Text-to-region grounding data —
§

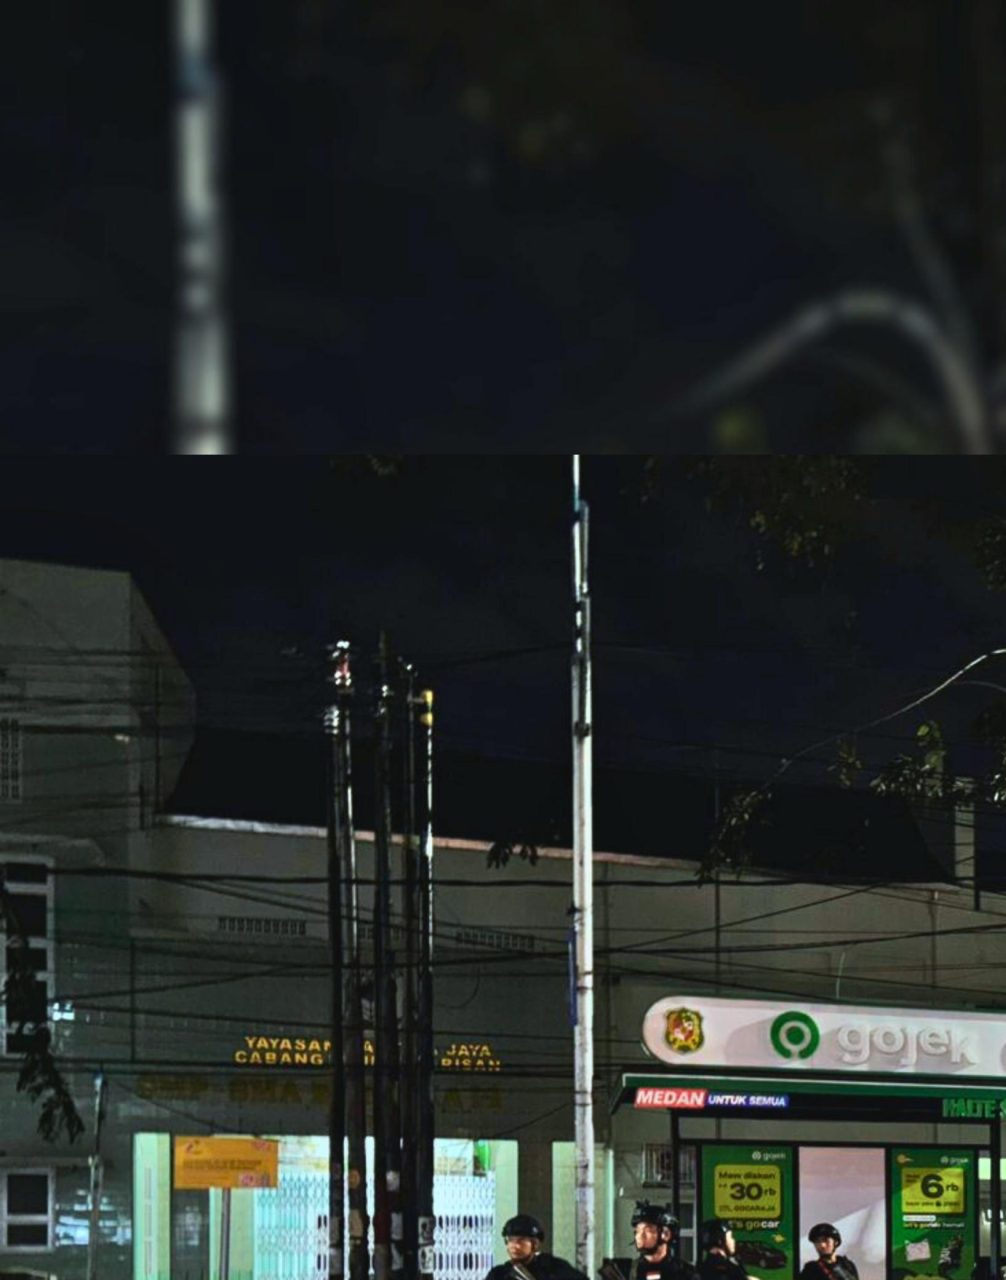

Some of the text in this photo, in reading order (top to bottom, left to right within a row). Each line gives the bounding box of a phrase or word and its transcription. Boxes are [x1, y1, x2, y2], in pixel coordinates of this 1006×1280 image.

[837, 1023, 977, 1066] gojek
[234, 1051, 324, 1066] CABANG
[635, 1089, 786, 1107] MEDAN UNTUK SEMUA
[730, 1182, 764, 1201] 30
[764, 1187, 777, 1196] rb
[921, 1173, 945, 1199] 6
[945, 1183, 960, 1192] rb
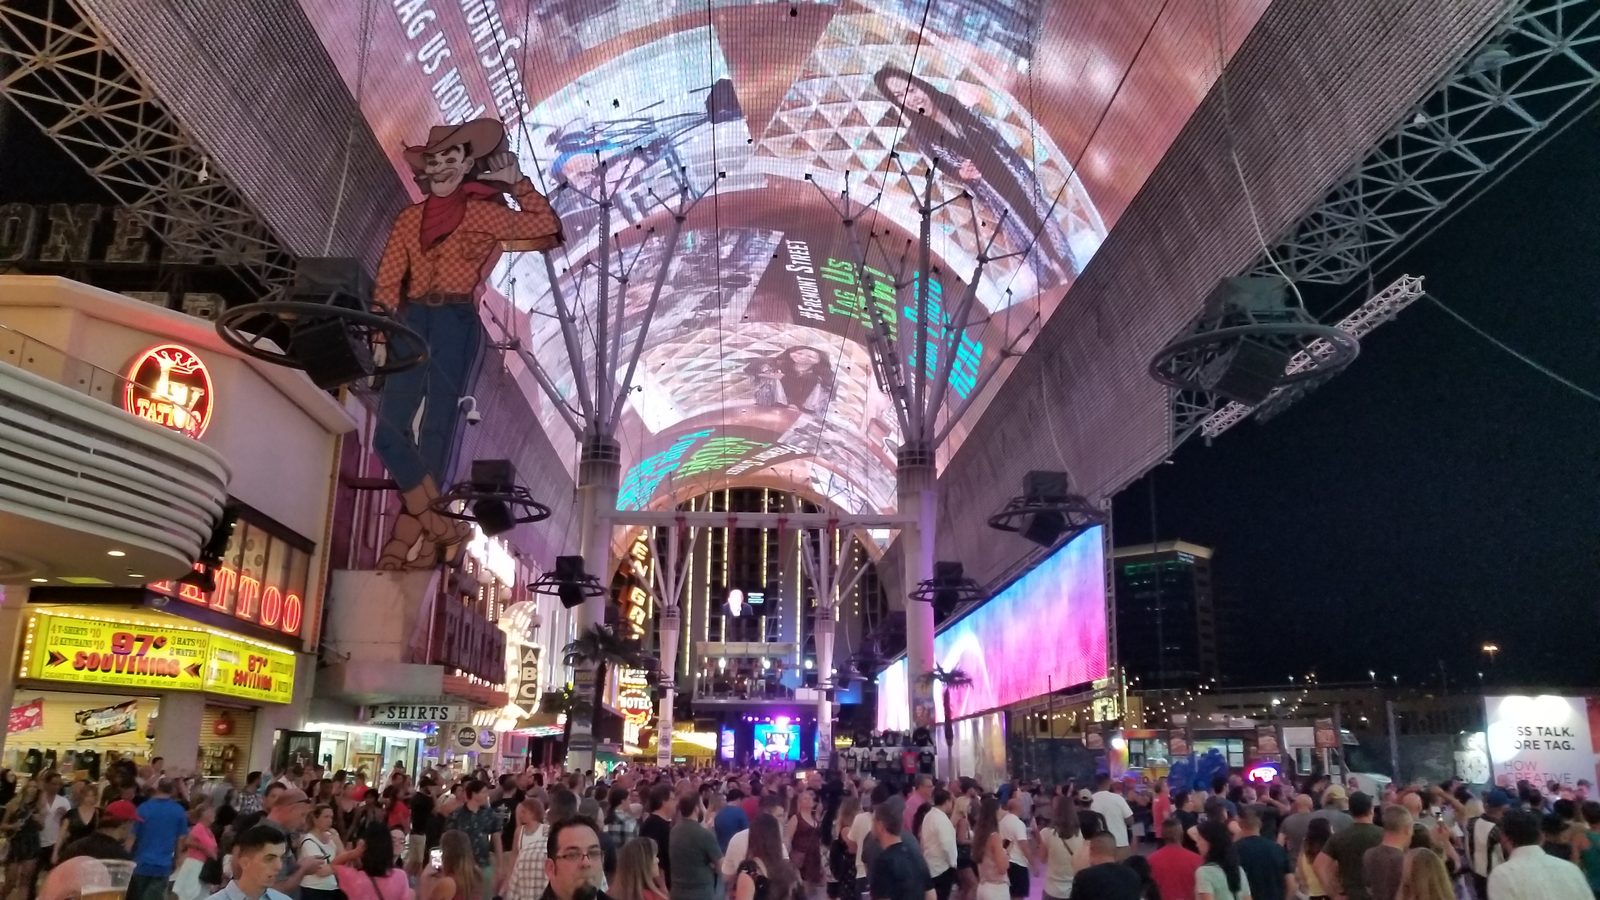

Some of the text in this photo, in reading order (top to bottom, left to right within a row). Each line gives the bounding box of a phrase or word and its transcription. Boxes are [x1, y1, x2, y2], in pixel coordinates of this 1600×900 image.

§

INSTRUCTIONS TO FOLLOW — Exclude the pictures and transcribe all of the entries exactly.

SOLVED PROBLEM —
Some of the text in this photo, in reading order (top to bottom, left to right within a row). Each line gives the bounding box of a phrase or word and its transcription. Boxes are [x1, y1, x2, y2], in pixel coordinates of this 1006×1280 image.

[837, 1023, 977, 1066] gojek
[234, 1051, 324, 1066] CABANG
[635, 1089, 786, 1107] MEDAN UNTUK SEMUA
[730, 1182, 764, 1201] 30
[764, 1187, 777, 1196] rb
[921, 1173, 945, 1199] 6
[945, 1183, 960, 1192] rb

Some of the text in this photo, in reading order (top to bottom, left to right within a row). Each line gives the bounding box of a phrase or word and its transcription. Boxes are [x1, y1, x2, y2], in pixel coordinates of this 1600×900 image.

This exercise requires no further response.